*** Records for this task Section Begins ***
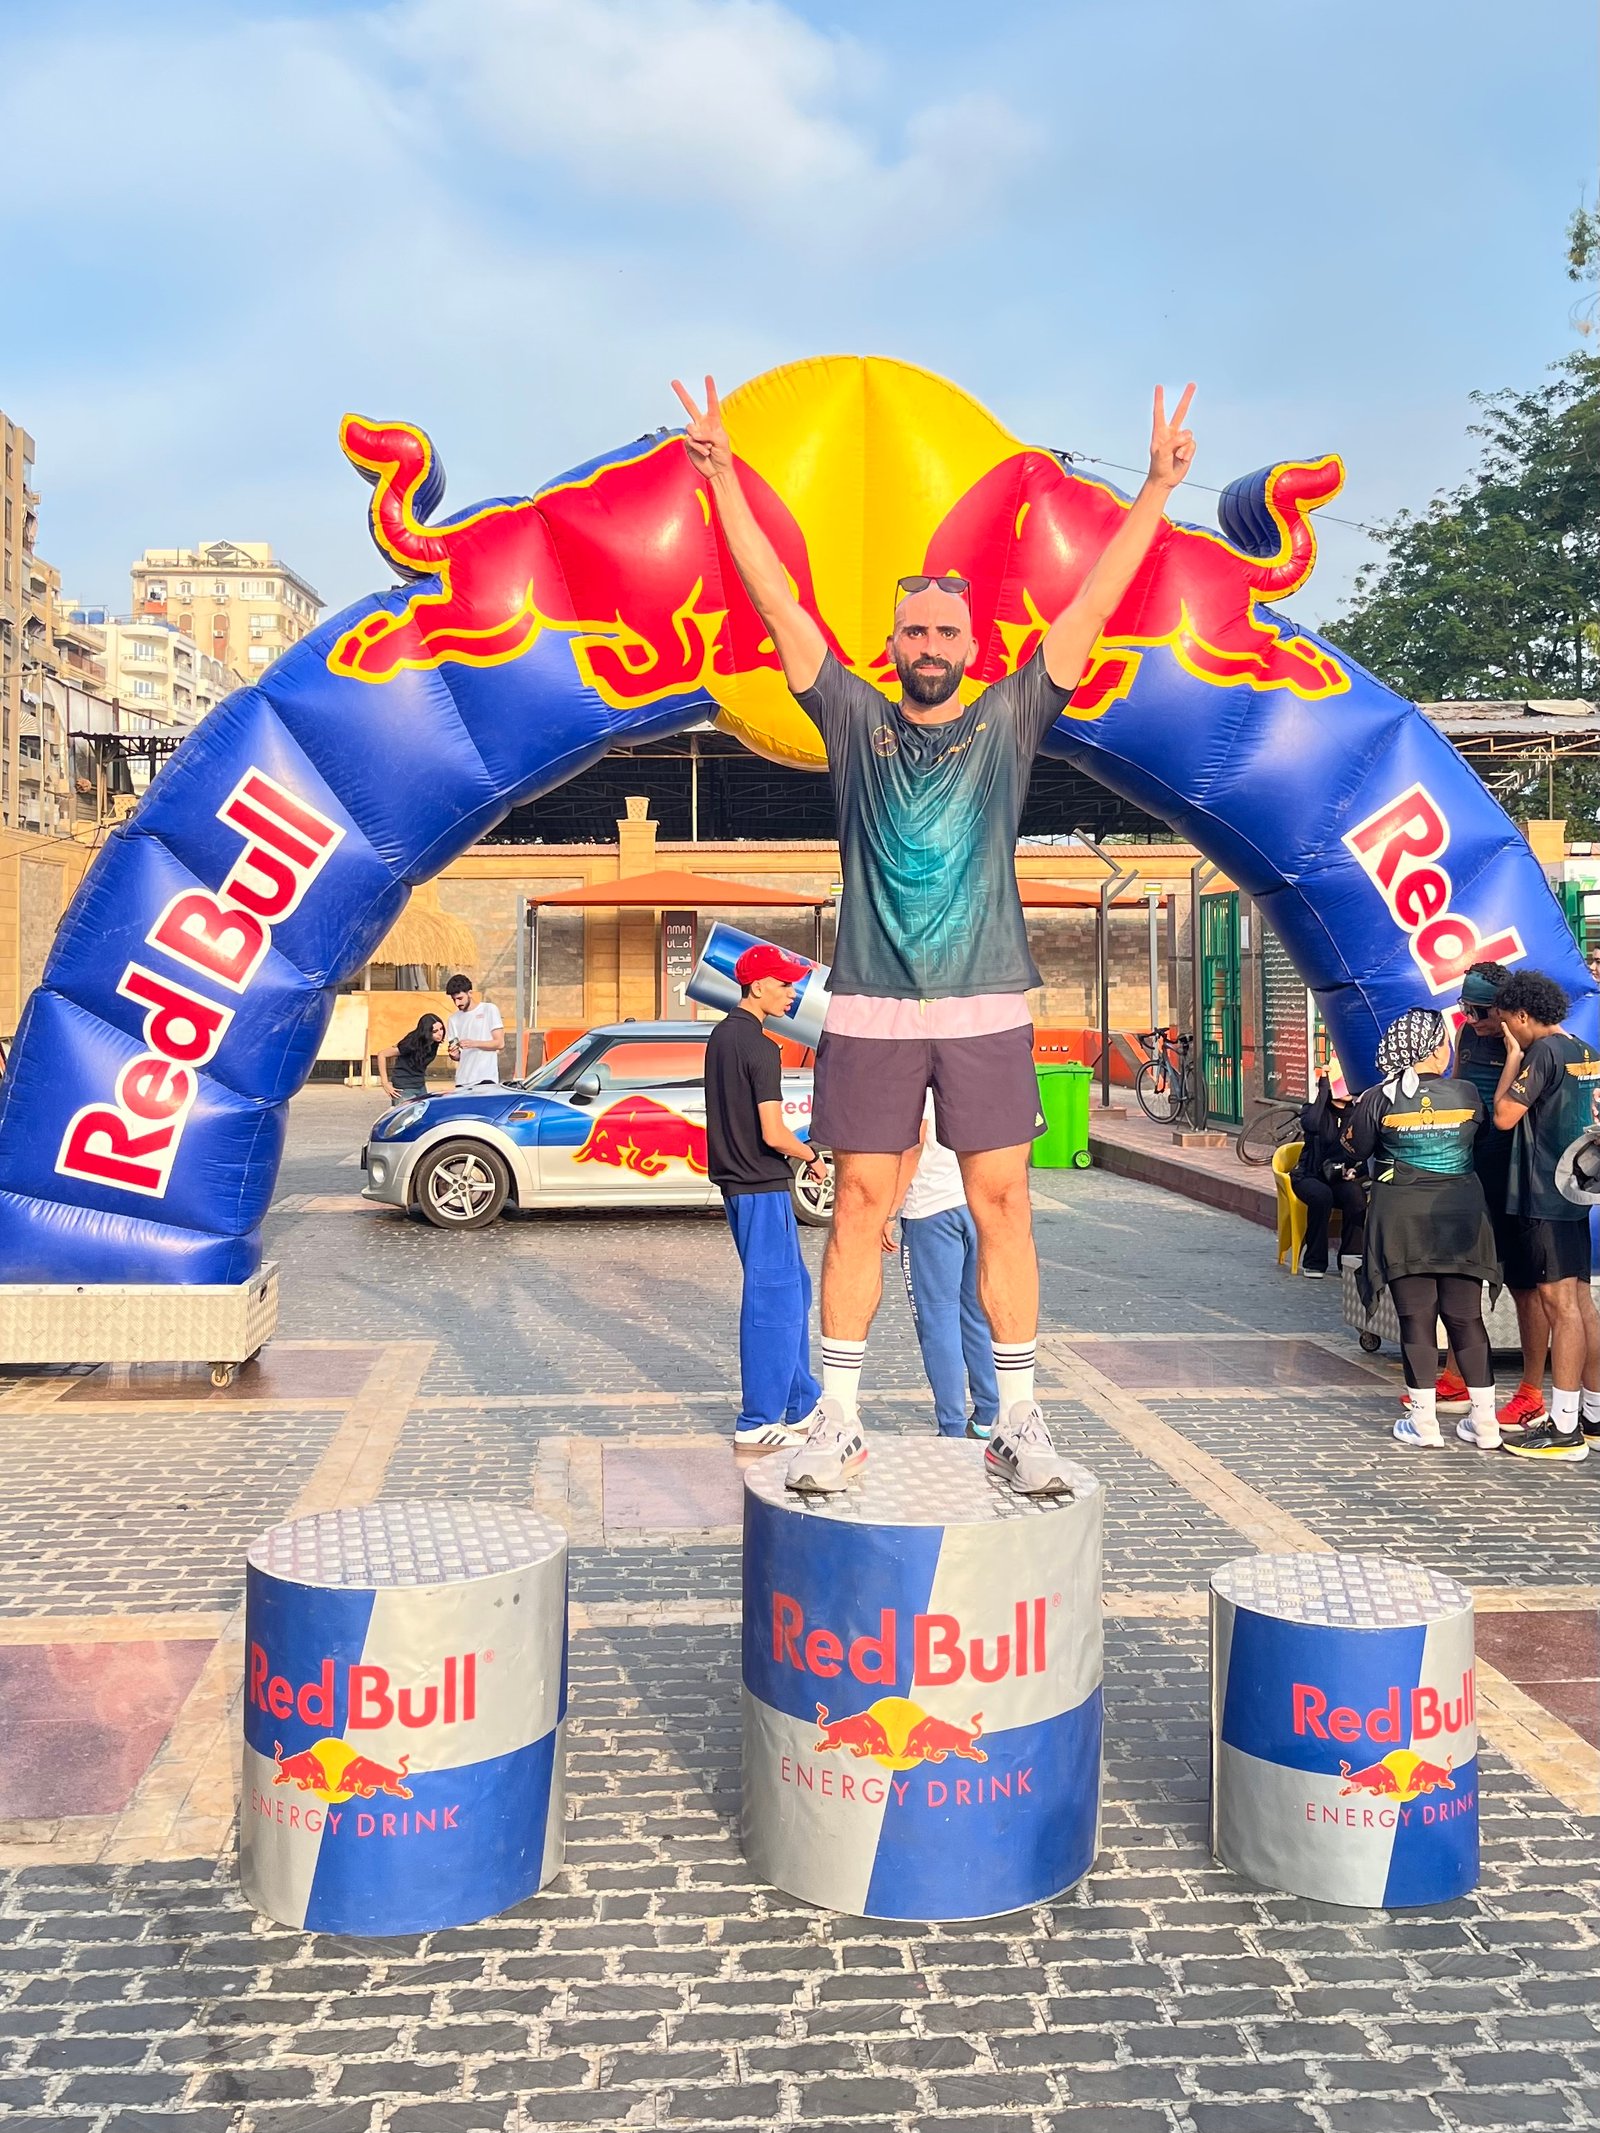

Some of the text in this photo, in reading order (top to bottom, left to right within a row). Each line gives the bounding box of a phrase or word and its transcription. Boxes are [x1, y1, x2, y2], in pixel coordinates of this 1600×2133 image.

[1347, 787, 1522, 991] Red
[666, 925, 692, 935] AMAN
[60, 771, 340, 1194] Red Bull
[673, 981, 686, 1006] 1
[783, 1094, 812, 1115] ed
[903, 1244, 913, 1291] AMERICAN
[772, 1592, 1048, 1687] Red Bull
[250, 1640, 477, 1731] Red Bull
[1292, 1669, 1474, 1743] Red Bull
[781, 1756, 1034, 1808] ENERGY DRINK
[252, 1787, 460, 1838] ENERGY DRINK
[1306, 1791, 1475, 1828] ENERGY DRINK
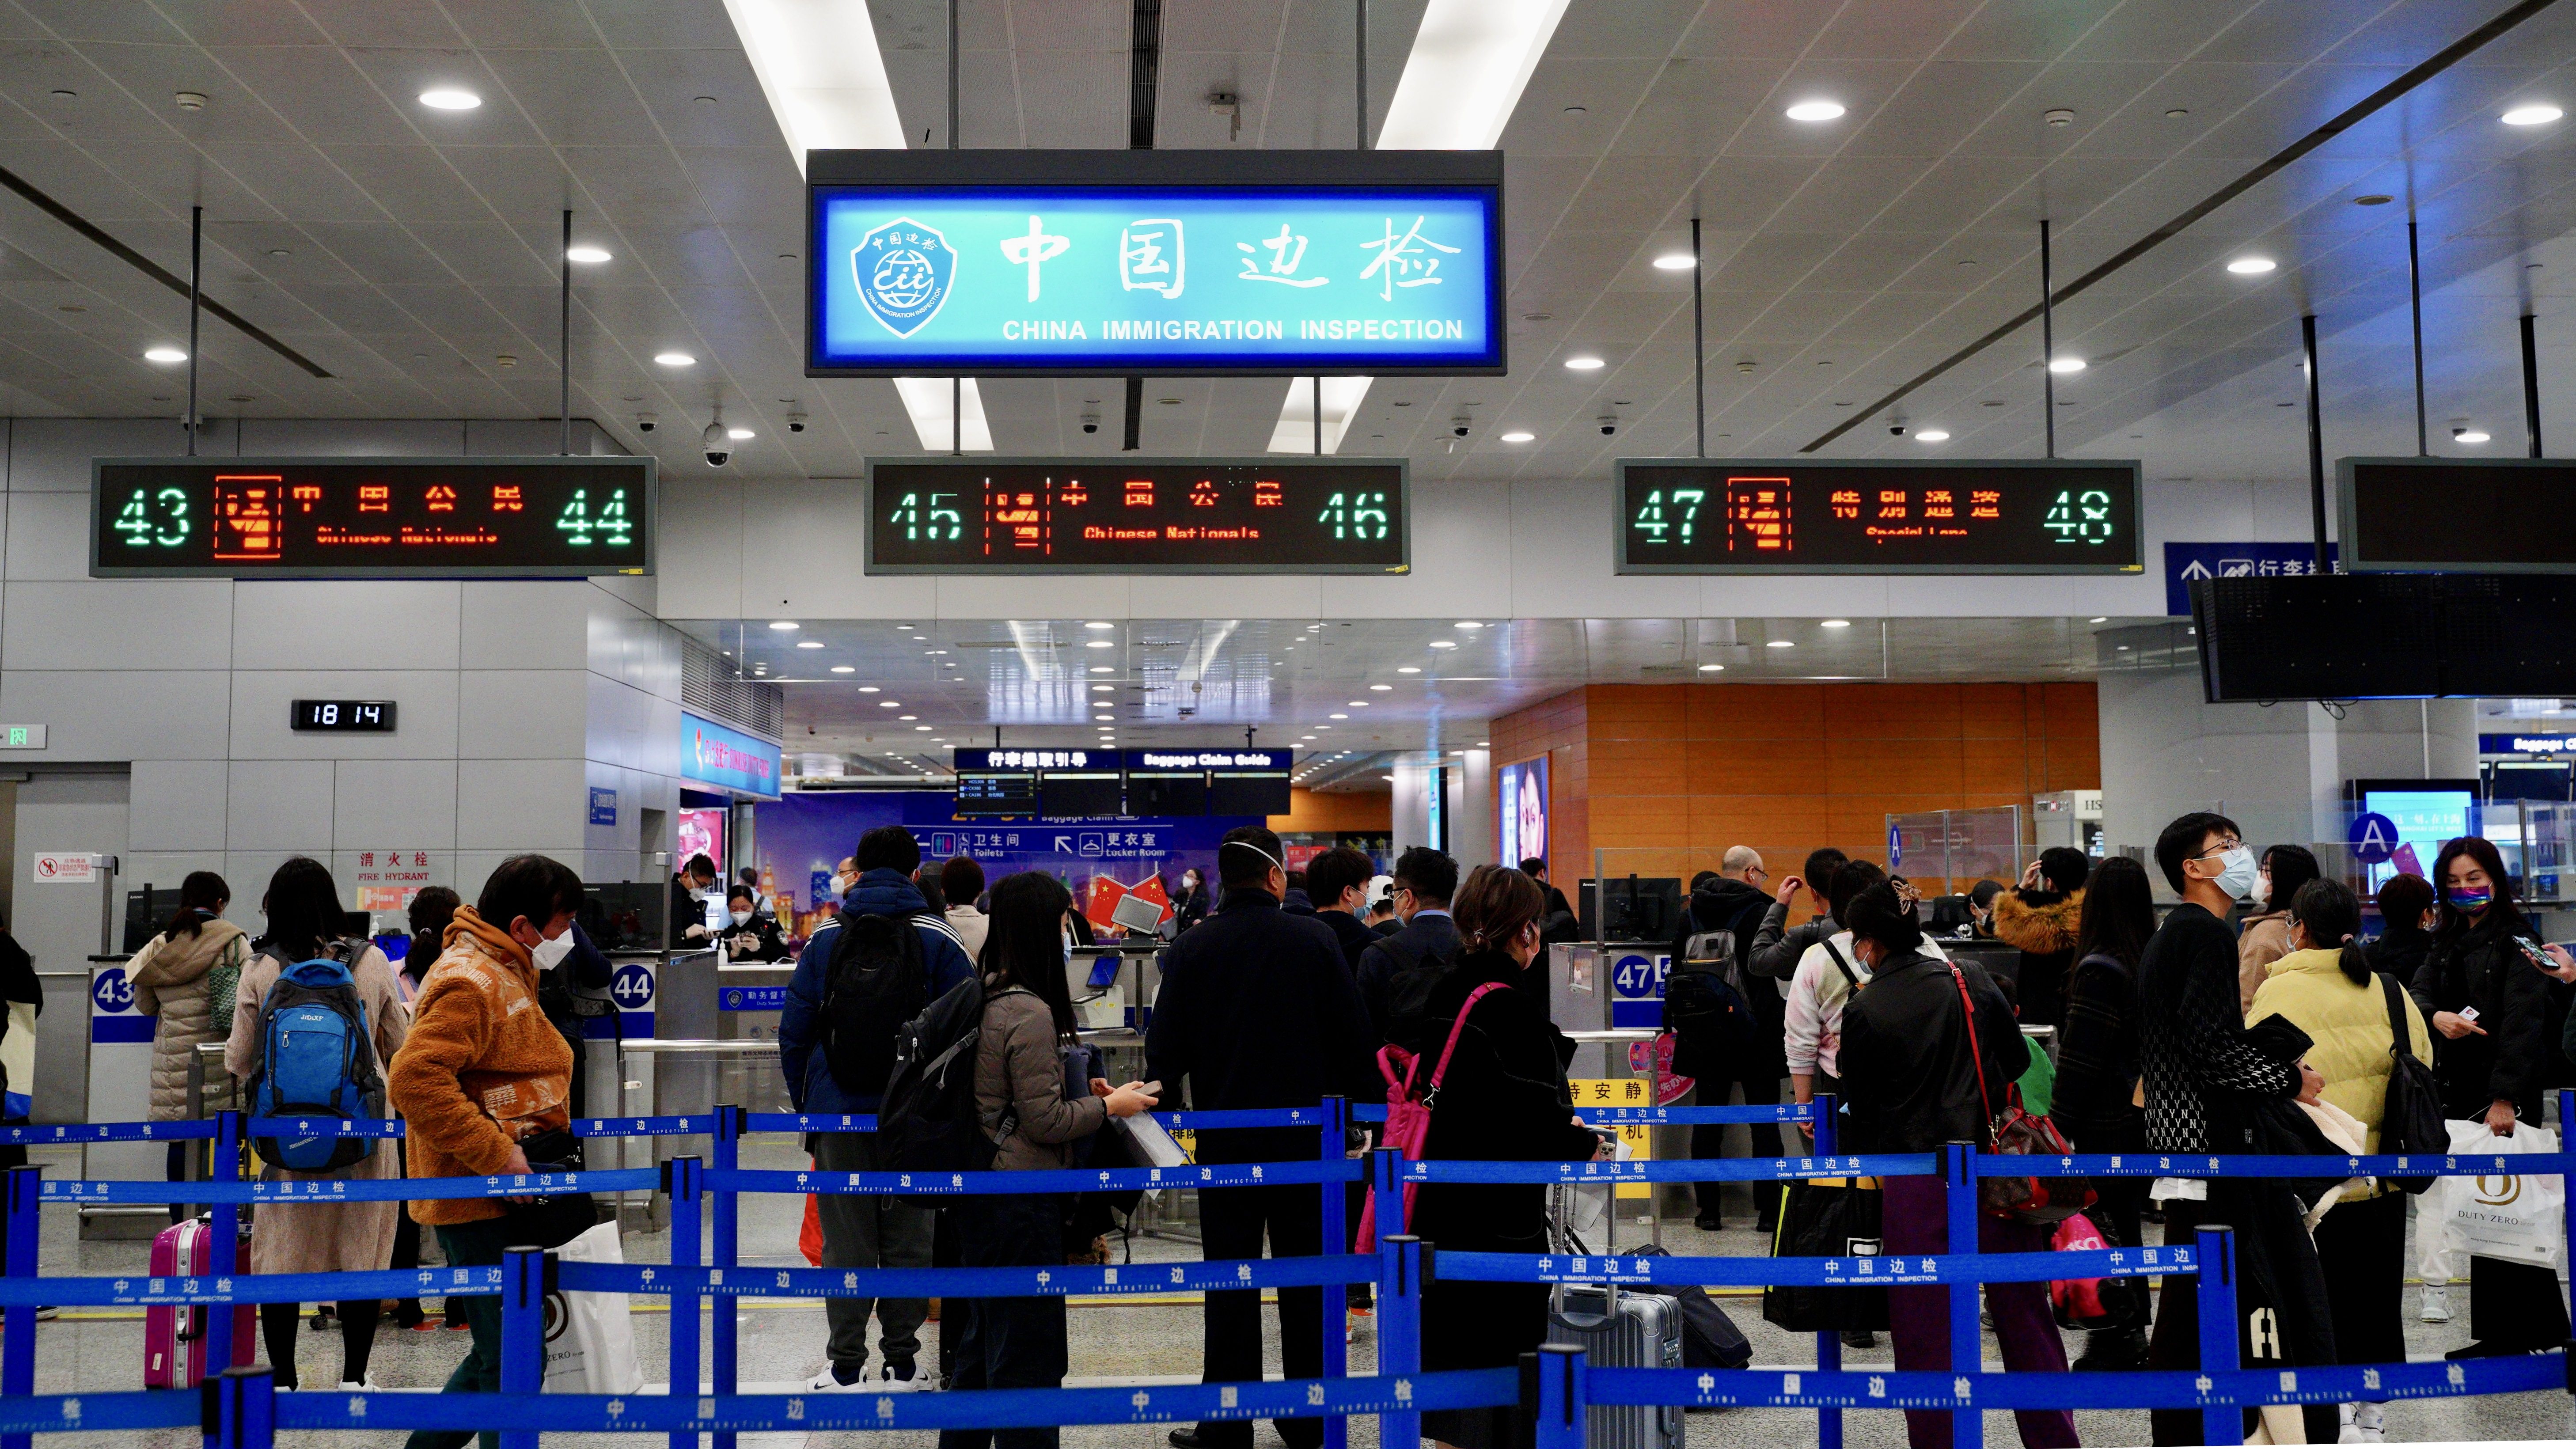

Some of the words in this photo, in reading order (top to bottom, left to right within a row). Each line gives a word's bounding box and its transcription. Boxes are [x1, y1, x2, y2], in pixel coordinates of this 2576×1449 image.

[872, 231, 938, 250] 中国边检
[1000, 215, 1461, 302] 中国边检
[866, 288, 877, 306] CHINA
[876, 303, 915, 318] IMMIGRATION
[915, 287, 941, 315] INSPECTION
[1002, 320, 1087, 340] CHINA
[1102, 320, 1282, 340] IMMIGRATION
[1301, 320, 1463, 340] INSPECTION
[115, 489, 190, 545] 43
[557, 489, 631, 545] 44
[1635, 490, 1704, 544] 47
[1085, 527, 1157, 539] Chinese
[1167, 527, 1260, 539] Nationals
[314, 704, 338, 724] 18
[355, 706, 379, 723] 14
[1144, 754, 1196, 767] Baggage
[1199, 754, 1233, 765] Claim
[1235, 754, 1271, 766] Guide
[974, 833, 1019, 846] 卫生间
[1107, 833, 1156, 846] 更衣室
[2358, 820, 2388, 853] A
[975, 848, 1003, 857] Toilets
[1106, 848, 1138, 857] Locker
[1892, 831, 1899, 860] A
[360, 851, 428, 867] 消火栓
[385, 872, 430, 880] HYDRANT
[1617, 965, 1650, 989] 47
[98, 978, 133, 1004] 43
[615, 974, 650, 998] 44
[1597, 1108, 1667, 1118] 中国边检
[1561, 1162, 1645, 1174] 中国边检
[1776, 1157, 1860, 1170] 中国边检
[254, 1182, 345, 1193] 中国边检
[488, 1173, 577, 1187] 中国边检
[2458, 1210, 2487, 1221] DUTY
[2490, 1215, 2519, 1226] ZERO
[1539, 1257, 1650, 1273] 中国边检
[1825, 1258, 1936, 1274] 中国边检
[114, 1278, 232, 1293] 中国边检
[547, 1351, 571, 1362] ZERO
*** Records for this task Section Ends ***
## What is needed
Repeat the full set of records exactly, and output no pictures.

## Answer to this problem
Some of the text in this photo, in reading order (top to bottom, left to right within a row). Each line gives the bounding box of a phrase or word and its transcription. Boxes are [x1, y1, x2, y2], in pixel coordinates of this 1600×2133 image.

[1347, 787, 1522, 991] Red
[666, 925, 692, 935] AMAN
[60, 771, 340, 1194] Red Bull
[673, 981, 686, 1006] 1
[783, 1094, 812, 1115] ed
[903, 1244, 913, 1291] AMERICAN
[772, 1592, 1048, 1687] Red Bull
[250, 1640, 477, 1731] Red Bull
[1292, 1669, 1474, 1743] Red Bull
[781, 1756, 1034, 1808] ENERGY DRINK
[252, 1787, 460, 1838] ENERGY DRINK
[1306, 1791, 1475, 1828] ENERGY DRINK

Some of the words in this photo, in reading order (top to bottom, left to right within a row). Each line gives a word's bounding box and its transcription. Boxes are [x1, y1, x2, y2], in pixel coordinates of this 2576×1449 image.

[872, 231, 938, 250] 中国边检
[1000, 215, 1461, 302] 中国边检
[866, 288, 877, 306] CHINA
[876, 303, 915, 318] IMMIGRATION
[915, 287, 941, 315] INSPECTION
[1002, 320, 1087, 340] CHINA
[1102, 320, 1282, 340] IMMIGRATION
[1301, 320, 1463, 340] INSPECTION
[115, 489, 190, 545] 43
[557, 489, 631, 545] 44
[1635, 490, 1704, 544] 47
[1085, 527, 1157, 539] Chinese
[1167, 527, 1260, 539] Nationals
[314, 704, 338, 724] 18
[355, 706, 379, 723] 14
[1144, 754, 1196, 767] Baggage
[1199, 754, 1233, 765] Claim
[1235, 754, 1271, 766] Guide
[974, 833, 1019, 846] 卫生间
[1107, 833, 1156, 846] 更衣室
[2358, 820, 2388, 853] A
[975, 848, 1003, 857] Toilets
[1106, 848, 1138, 857] Locker
[1892, 831, 1899, 860] A
[360, 851, 428, 867] 消火栓
[385, 872, 430, 880] HYDRANT
[1617, 965, 1650, 989] 47
[98, 978, 133, 1004] 43
[615, 974, 650, 998] 44
[1597, 1108, 1667, 1118] 中国边检
[1561, 1162, 1645, 1174] 中国边检
[1776, 1157, 1860, 1170] 中国边检
[254, 1182, 345, 1193] 中国边检
[488, 1173, 577, 1187] 中国边检
[2458, 1210, 2487, 1221] DUTY
[2490, 1215, 2519, 1226] ZERO
[1539, 1257, 1650, 1273] 中国边检
[1825, 1258, 1936, 1274] 中国边检
[114, 1278, 232, 1293] 中国边检
[547, 1351, 571, 1362] ZERO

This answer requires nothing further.